Towards Efficient Multi-Agent Learning Systems

Kailash Gogineni,Peng Wei,Tian Lan,Guru Venkataramani
2023-05-24
Abstract:Multi-Agent Reinforcement Learning (MARL) is an increasingly important research field that can model and control multiple large-scale autonomous systems. Despite its achievements, existing multi-agent learning methods typically involve expensive computations in terms of training time and power arising from large observation-action space and a huge number of training steps. Therefore, a key challenge is understanding and characterizing the computationally intensive functions in several popular classes of MARL algorithms during their training phases. Our preliminary experiments reveal new insights into the key modules of MARL algorithms that limit the adoption of MARL in real-world systems. We explore neighbor sampling strategy to improve cache locality and observe performance improvement ranging from 26.66% (3 agents) to 27.39% (12 agents) during the computationally intensive mini-batch sampling phase. Additionally, we demonstrate that improving the locality leads to an end-to-end training time reduction of 10.2% (for 12 agents) compared to existing multi-agent algorithms without significant degradation in the mean reward.
Multiagent Systems
What problem does this paper attempt to address?

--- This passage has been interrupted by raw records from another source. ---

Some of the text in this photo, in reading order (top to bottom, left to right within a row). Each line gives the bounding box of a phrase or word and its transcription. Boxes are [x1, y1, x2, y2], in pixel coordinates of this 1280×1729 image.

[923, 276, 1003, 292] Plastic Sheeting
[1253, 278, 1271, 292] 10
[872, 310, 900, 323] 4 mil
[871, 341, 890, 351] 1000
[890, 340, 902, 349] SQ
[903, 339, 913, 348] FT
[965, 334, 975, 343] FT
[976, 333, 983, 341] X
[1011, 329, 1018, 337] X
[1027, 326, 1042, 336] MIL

The problem that this paper attempts to solve is that in multi - agent reinforcement learning (MARL), as the number of agents increases, the training process becomes extremely time - consuming and computationally expensive. Specifically, existing multi - agent learning methods are usually very expensive in terms of training time and power consumption, mainly due to the huge observation - action space and a large number of training steps. Therefore, the key challenge of the paper lies in understanding and characterizing the computationally intensive functions of several popular MARL algorithms in the training phase. To meet this challenge, the authors conducted a workload characterization study to understand the performance - limiting functions in several well - known model - free MARL frameworks. These frameworks use the actor - critic method, and the state space is usually very large. By analyzing different MARL training phases, the authors found some key modules that limit the application of MARL in practical systems. For example, in the sampling phase, the cache locality is improved through the neighborhood sampling strategy, thus increasing the performance by 26.66% to 27.39% (for 3 to 12 agents). In addition, by improving locality, the end - to - end training time is reduced by 10.2% (for 12 agents) compared with the existing multi - agent algorithms, while the average reward does not decrease significantly. Overall, the main contribution of the paper is to systematically conduct a hardware - software performance analysis and propose the key performance bottlenecks in the training phase of multi - agent systems. At the same time, the authors explored a neighborhood sampling strategy to improve the locality of data access, thereby significantly improving the training efficiency.